Não é de hoje que o arroz é considerado um dos vilões para qualquer tipo de Dieta. Apesar de ser rico em vitamina B1, os grãozinhos tão comuns na mesa de muitos brasileiros são repletos de carboidratos e podem não só elevar os índices de obesidade, como também aumentar a probabilidade de desenvolver a diabetes tipo 2. E não é para menos. Para se ter uma ideia, uma xícara de chá da iguaria possui cerca de 200 calorias. Por conta dessas características, o arroz costuma aparecer em pouquíssimas quantidades, e somente em alguns cardápios, que preferem utilizar a versão integral.

Agora, contudo, um método relativamente novo de cozinhar o arroz tem ajudado milhões de pessoas a consumir a iguaria sem dor na consciência e sem medo de engordar. E o melhor é que o modo de preparo é bem simples!

O fato foi revelado pelo Dr. Sudhair A. James, da Virginia Commonwealth University, durante o 249º encontro da American Chemical Society, no Sri Lanka, um dos maiores do mundo. De acordo com o especialista, a forma usual de fazermos o arroz (refogando para só então temperar e jogar água corrente) possibilita que o grão transforme-se em um amido fácil de ser absorvido pelo organismo.

Com isso, esse amido é transformado em açúcar, glicogênio, e, por fim, gordura. Para dar fim a este ciclo, o modo de preparo deve ser alterado e um ingrediente muito importante deve ser acrescentado: o óleo de coco.

Como preparar o arroz da forma correta

Para garantir que o arroz cumpra o seu novo papel, é necessário descartar o refogado de temperos. Em uma panela, coloque água fervente, um colher de sopa de óleo de coco e, só então, o arroz e os temperos.

Deixe o cozimento ocorrer normalmente e, assim que estiver pronto, deixe a panela esfriar e coloque na geladeira por cerca de 12 horas.

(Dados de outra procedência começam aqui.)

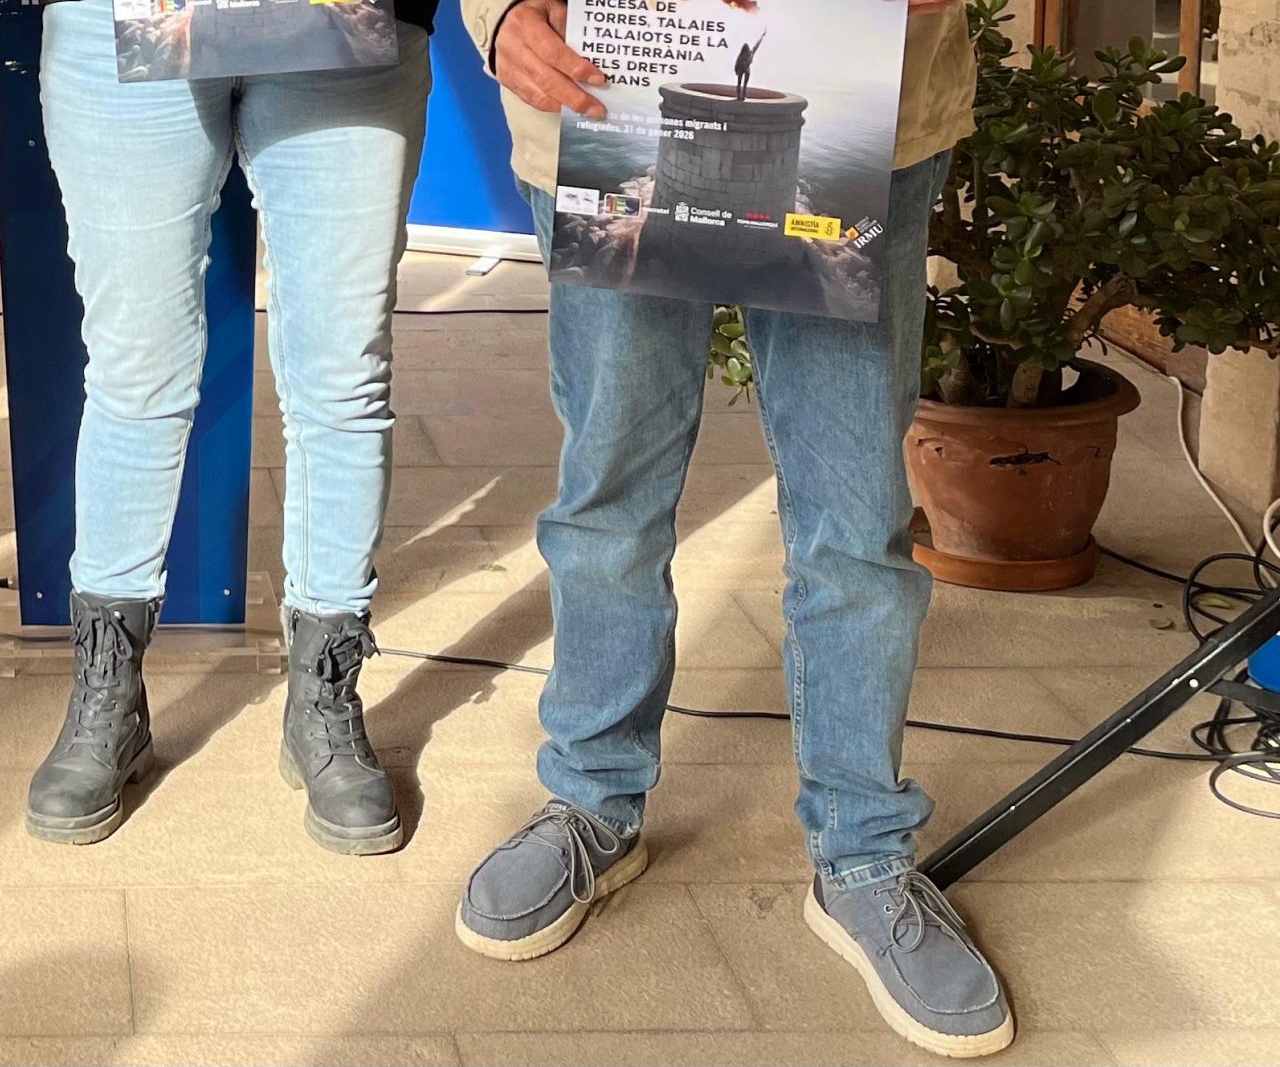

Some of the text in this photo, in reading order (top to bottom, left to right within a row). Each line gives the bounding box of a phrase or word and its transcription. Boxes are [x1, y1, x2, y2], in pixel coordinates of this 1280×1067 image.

A explicação está no fato de que os lipídios do óleo de coco, quando usados no ato do cozimento e colocados dessa maneira, junto com a água fervente, provocam uma reação química que muda a estrutura desse amido.

Este processo é completado quando o arroz resfria na geladeira, visto que este mesmo amido torna-se mais difícil de ser digerível.

"O óleo entra nos grânulos de amido durante o cozimento, alterando sua arquitetura para que se torne resistente à ação das enzimas digestivas. Isso significa que menos calorias são absorvidas pelo corpo. O resfriamento é essencial porque a amilose, a parte solúvel do amido, deixa os grânulos durante a gelatinização. E o resfriamento por 12 horas levará à formação de ligações de hidrogênio entre as moléculas de amilose fora dos grãos de arroz, o que também o transforma em um amido resistente", ressalta James.